Your assignment:
Print out each record below, unaltered and complete, without its images.

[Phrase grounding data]
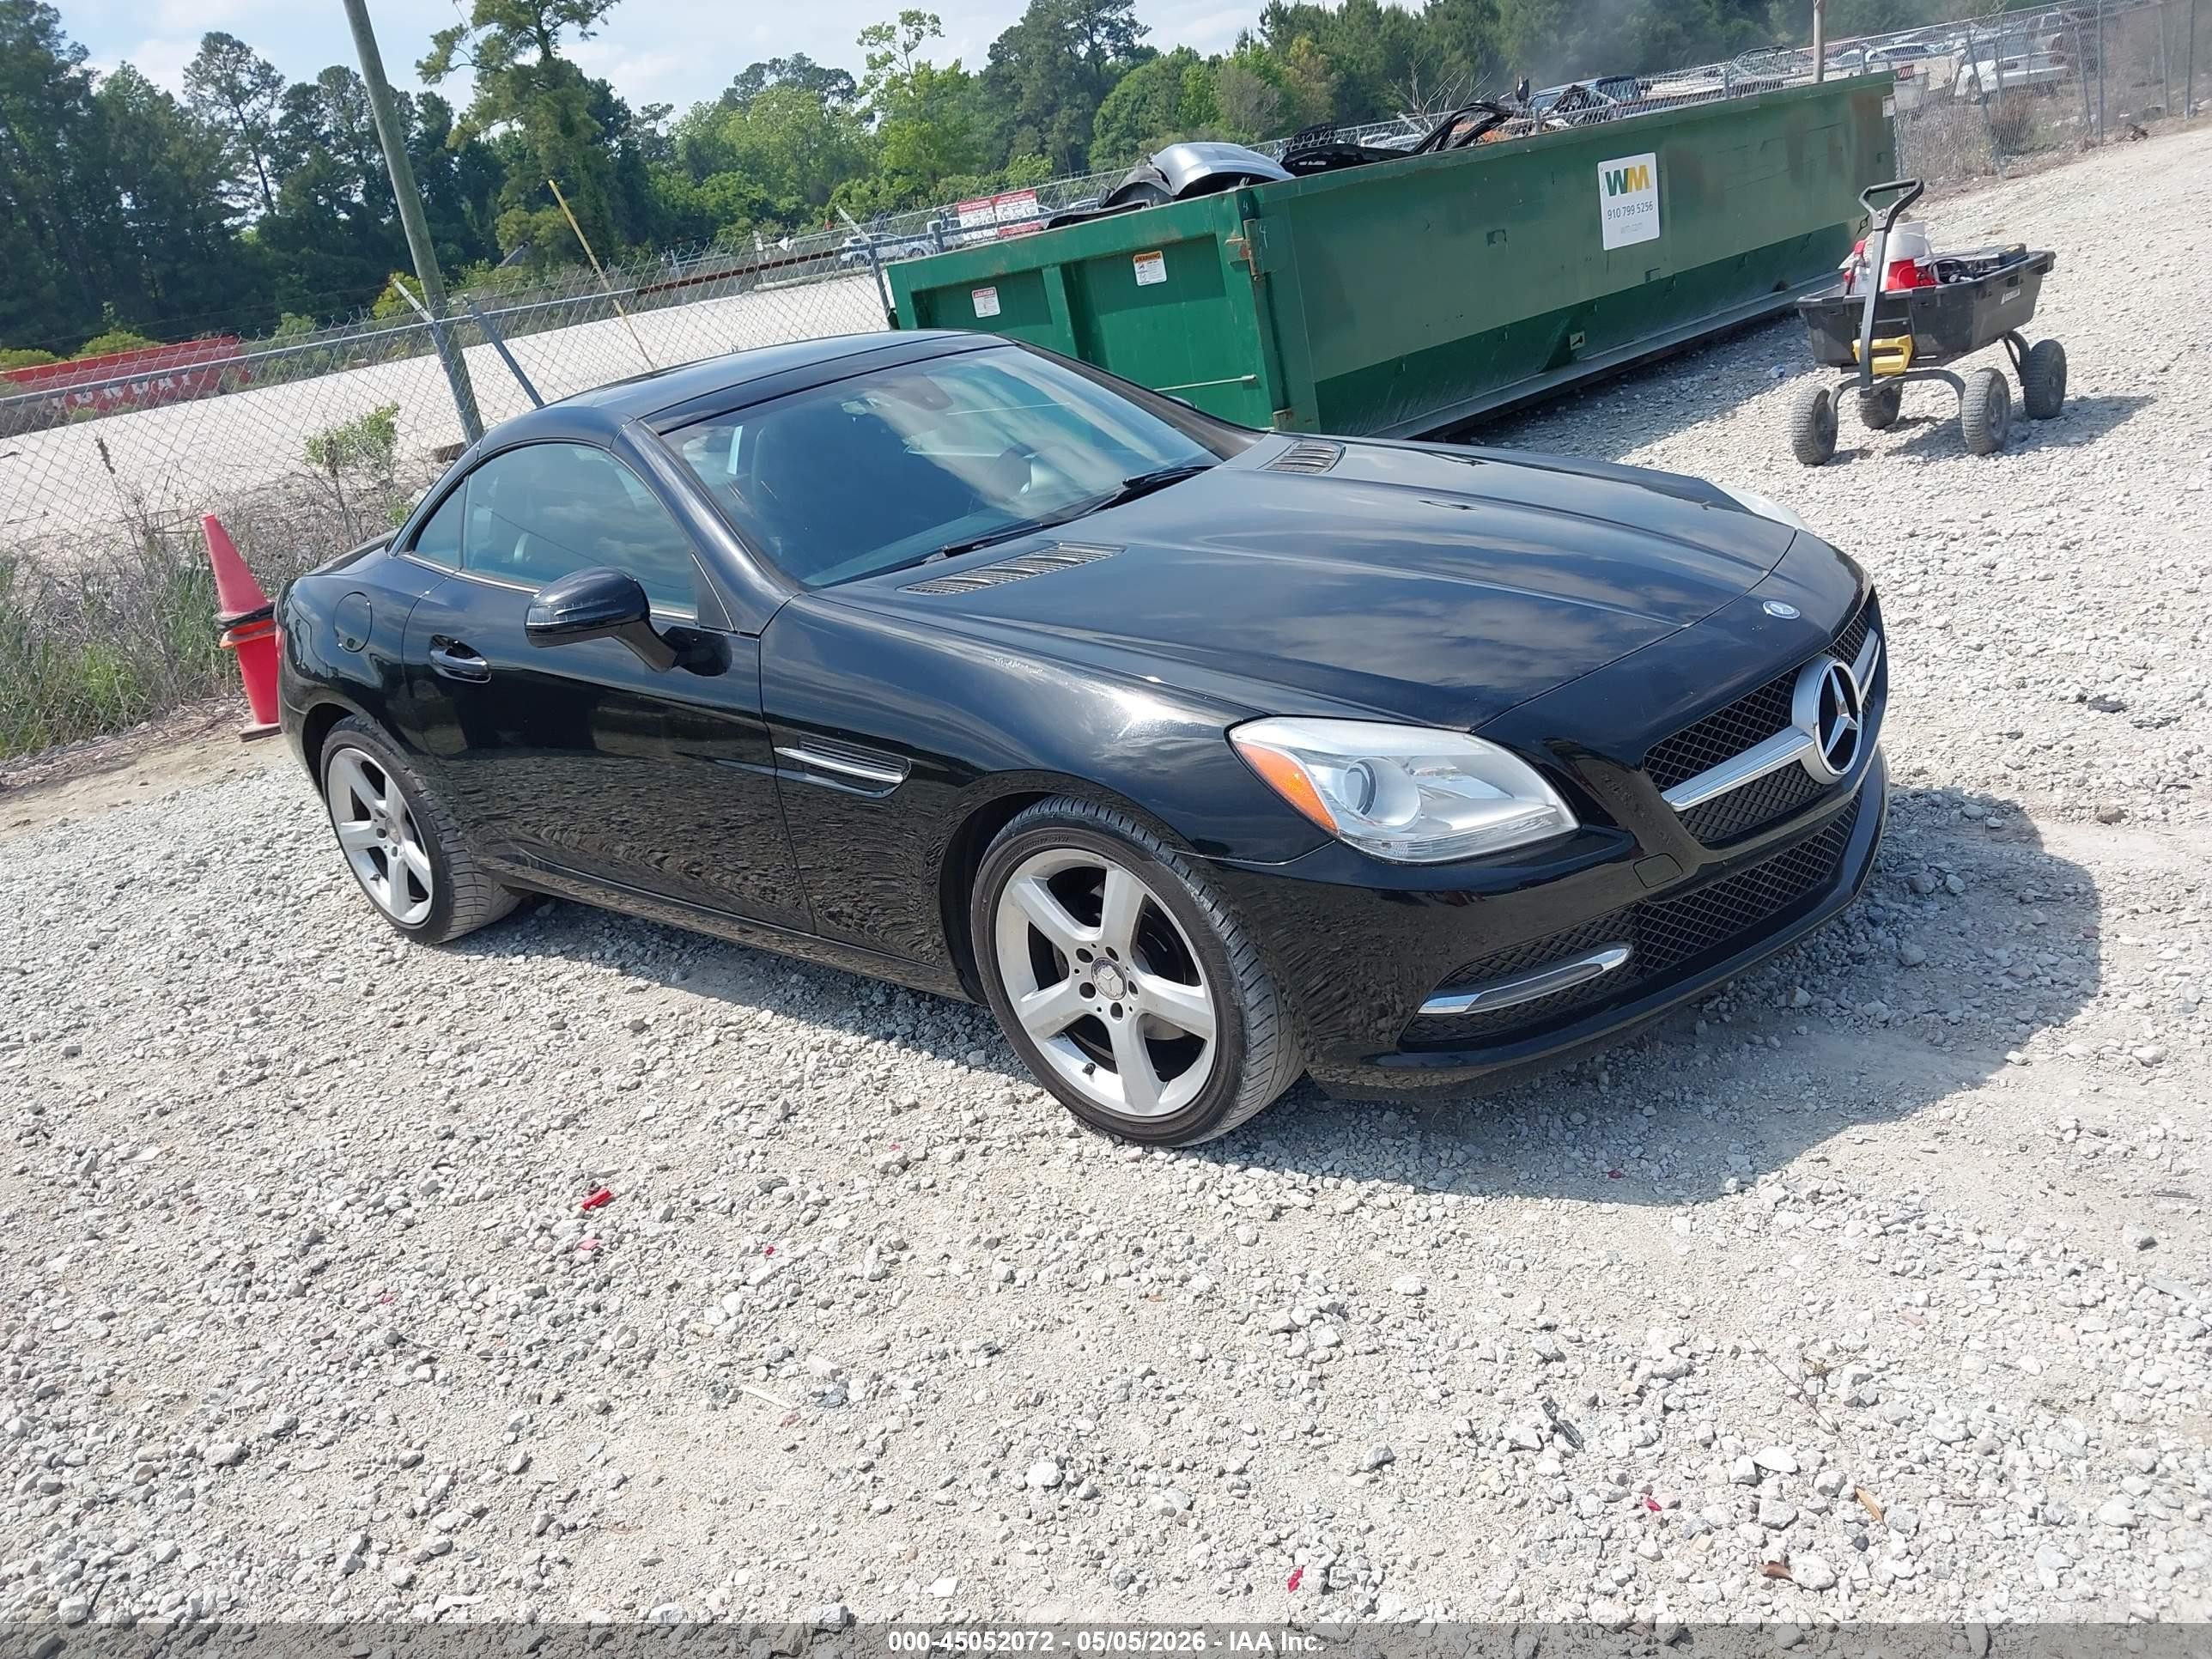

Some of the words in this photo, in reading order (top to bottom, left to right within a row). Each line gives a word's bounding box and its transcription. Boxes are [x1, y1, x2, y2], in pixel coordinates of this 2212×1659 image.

[1605, 165, 1650, 197] WM
[1607, 207, 1621, 220] 910
[1622, 205, 1636, 217] 799
[1637, 201, 1654, 214] 5256
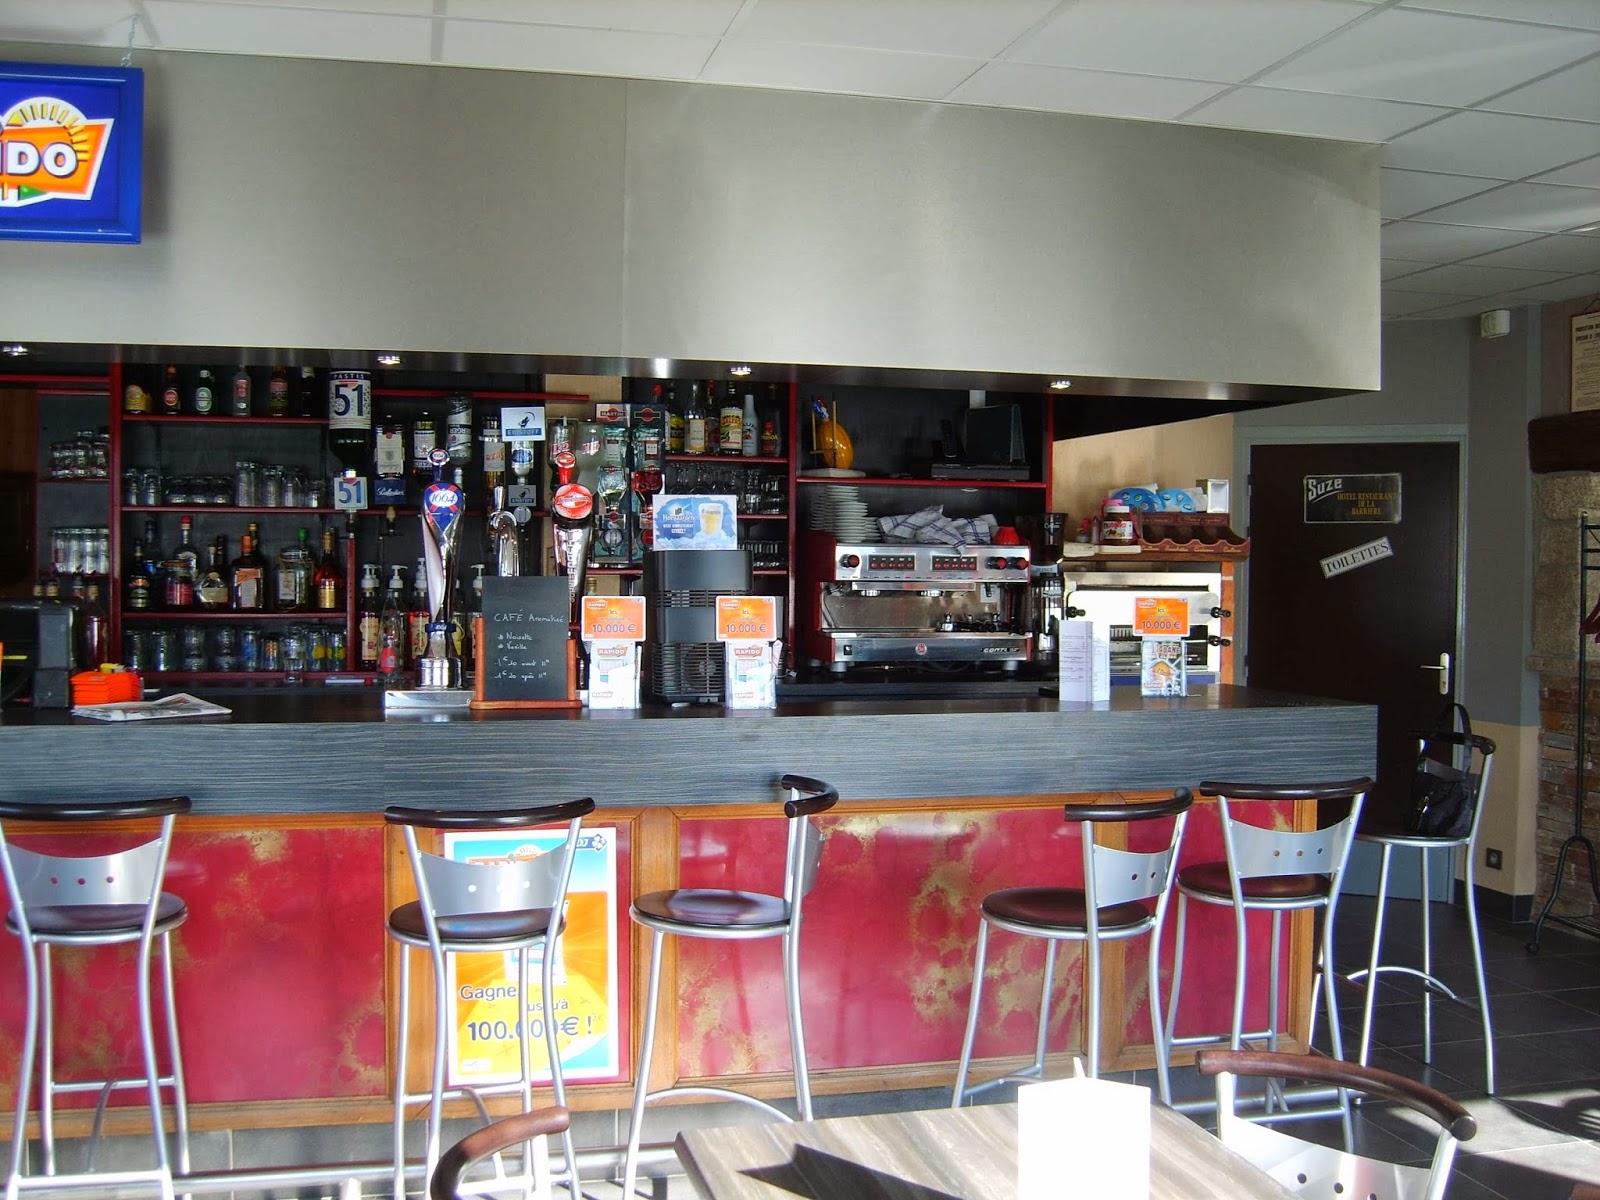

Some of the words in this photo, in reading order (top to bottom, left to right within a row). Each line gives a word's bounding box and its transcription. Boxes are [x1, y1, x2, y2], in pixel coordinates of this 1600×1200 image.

Reply:
Some of the words in this photo, in reading order (top to bottom, left to right within a row). Each line gives a word's bounding box and its transcription. Boxes are [x1, y1, x2, y2], in pixel coordinates of this 2212×1659 image.

[1605, 165, 1650, 197] WM
[1607, 207, 1621, 220] 910
[1622, 205, 1636, 217] 799
[1637, 201, 1654, 214] 5256

Some of the words in this photo, in reading order (top to bottom, left to right within a row). Each line gives a word's bounding box and its transcription. Boxes are [x1, y1, x2, y2], in pixel coordinates of this 1600×1200 image.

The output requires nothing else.